As already noted, the impaired immune status does not contribute to severity of disease [8]. Nevertheless, López-Aldeguer et al. Found that "low CD4 lymphocytes correlated with longer hospitalization and bacterial infections [14]". López-Aldeguer et al. Also mentioned that "early oseltamivir treatment reduced severe symptoms [14]" Therefore, the earlier treatment is still warranted for any HIV infected patients [7,8]. Indeed, the early treatment should be given in any cases of swine flu regardless of HIV status [1,2]. Focusing on outcomes of oseltamivir treatment, according to a recent review, "most HIV-infected individuals recovered without major consequence [15]." However, Sheth et al. Noted that susceptibility to swine flu virus infection and severity of influenza illness did not increase in HIV-infected cases that had no advanced immunosuppression or comorbid conditions [16]. According to the observation by Ormsby et al., swine flu is usually more severe in HIV infected patients with late and advanced disease than those ones receiving standard antiretroviral therapy with good disease control [17]. Hence, the management of other comorbid conditions has to be included in the management plan of HIV infection with swine flu.

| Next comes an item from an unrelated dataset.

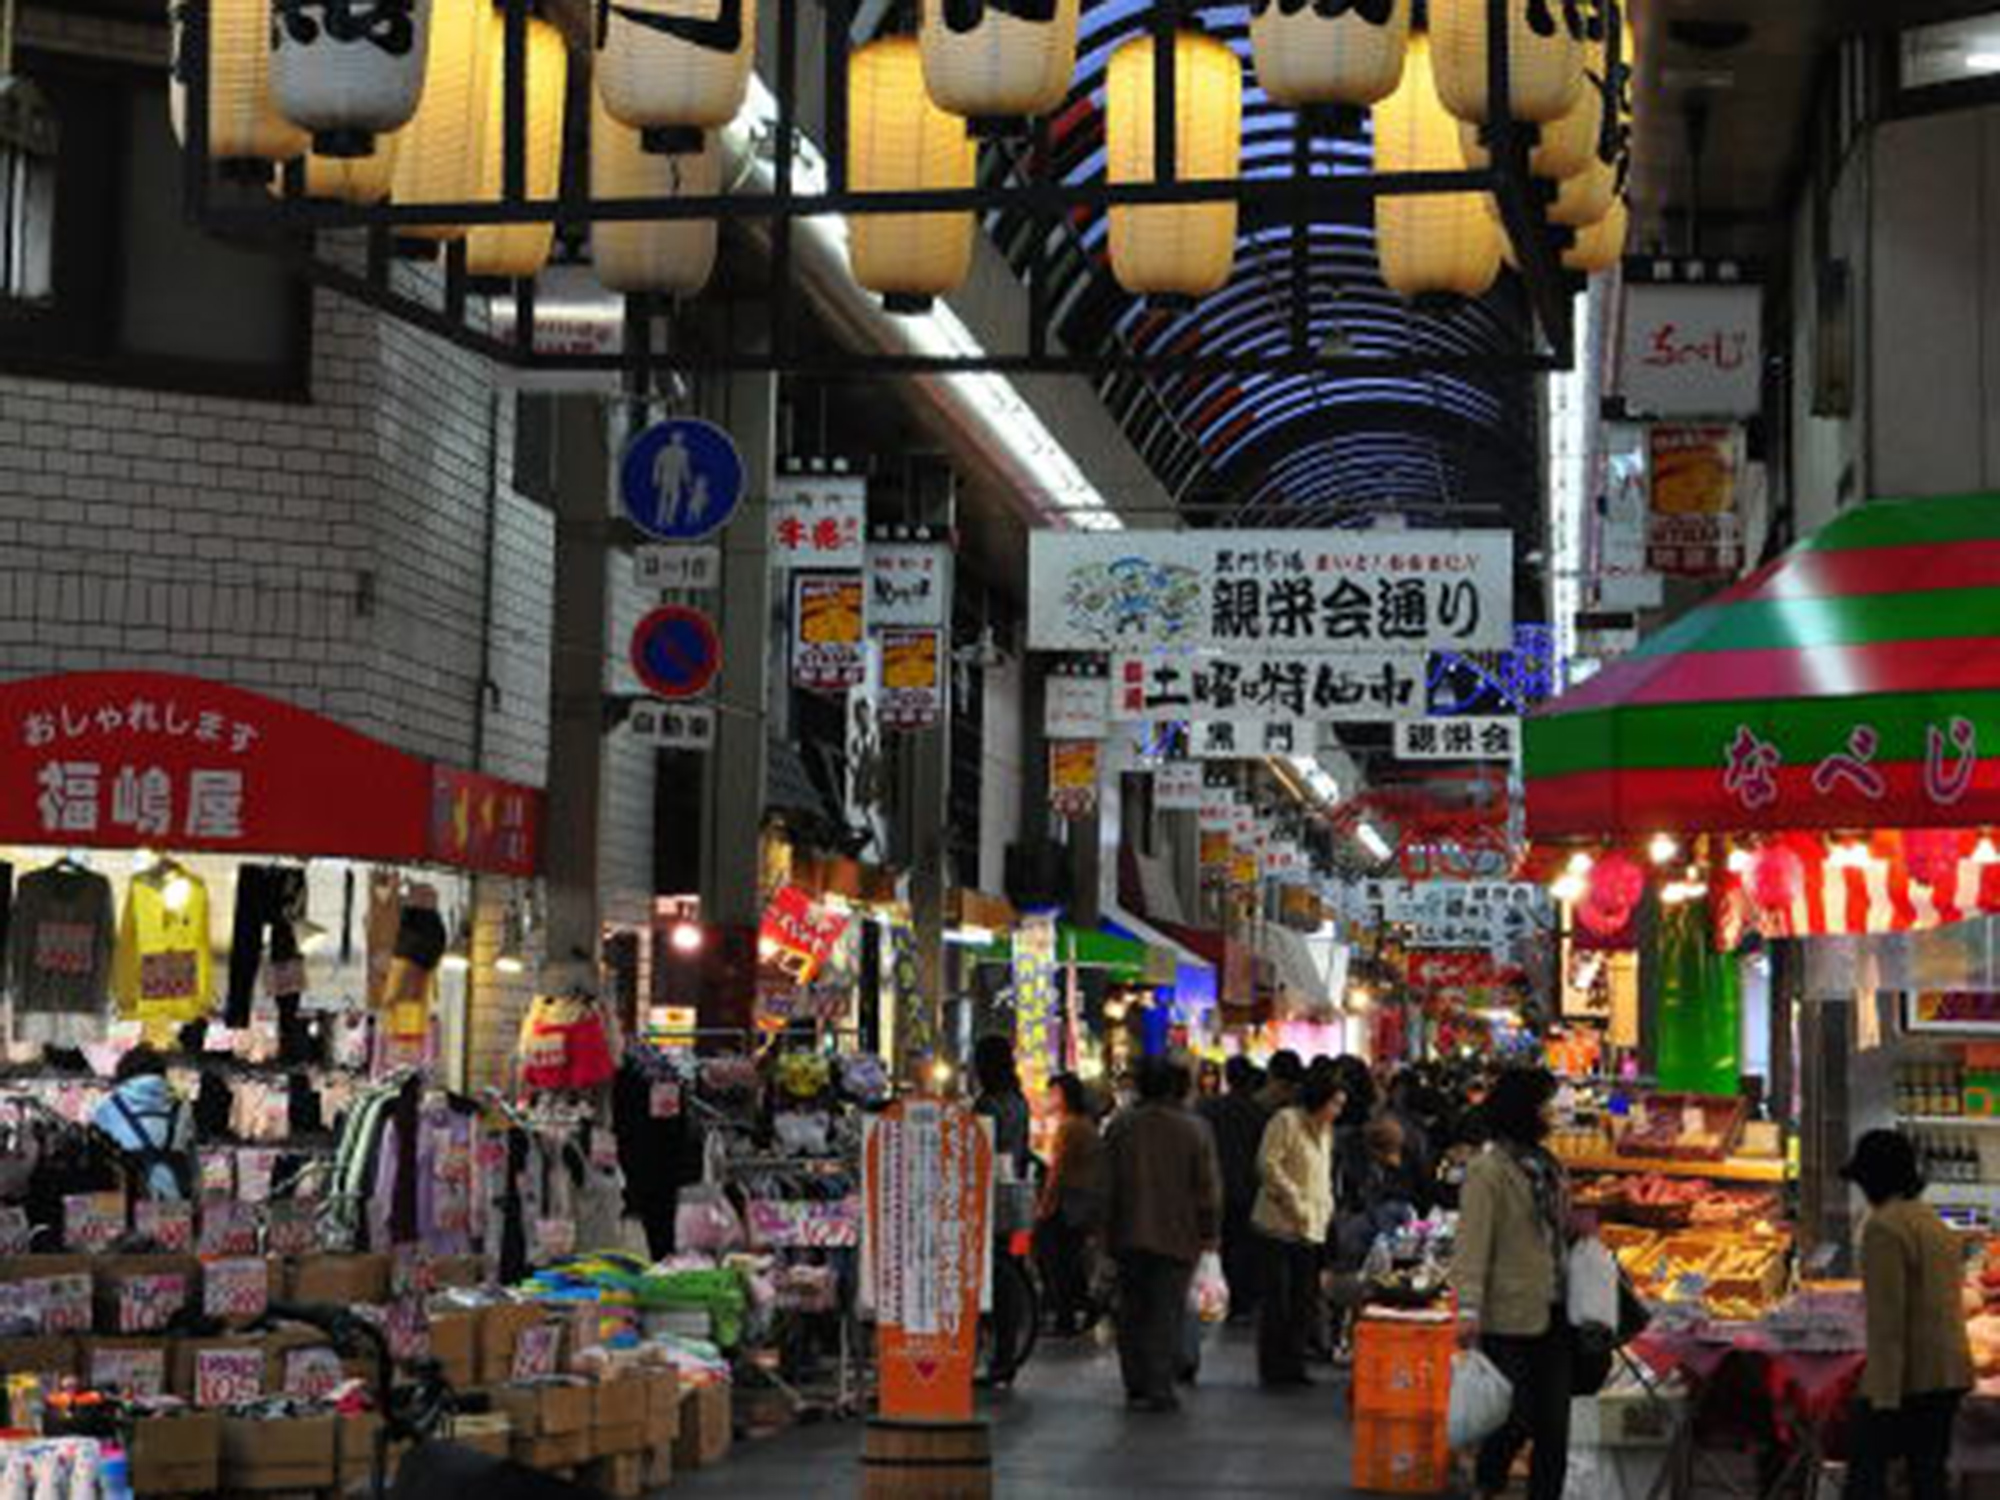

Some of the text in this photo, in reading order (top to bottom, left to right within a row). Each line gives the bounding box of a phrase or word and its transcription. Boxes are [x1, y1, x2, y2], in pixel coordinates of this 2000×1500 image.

[1211, 577, 1480, 639] 親栄会通り
[23, 699, 260, 752] おしゃれします
[1723, 715, 1977, 809] なべじ
[36, 759, 244, 839] 福嶋屋

In clinical practice, swine flu can be seen in HIV infected cases with no doubt. There are some reported cases of HIV patients getting swine flu infection, which do not show a worse prognosis comparing to that of non-HIV patients. The author further suggested that not only suspected concurrent HIN infection in HIV infected patients should get early treatment but also awareness on misdiagnosis of influenza in HIV with other influenza like diseases is needed. Due to the impaired immunity, early diagnosis and prompt treatment for swine flu in HIV infected cases is required. As proposed by Ormsby et al. [17], standard antiretroviral therapy should be considered for all cases aiming at good outcome.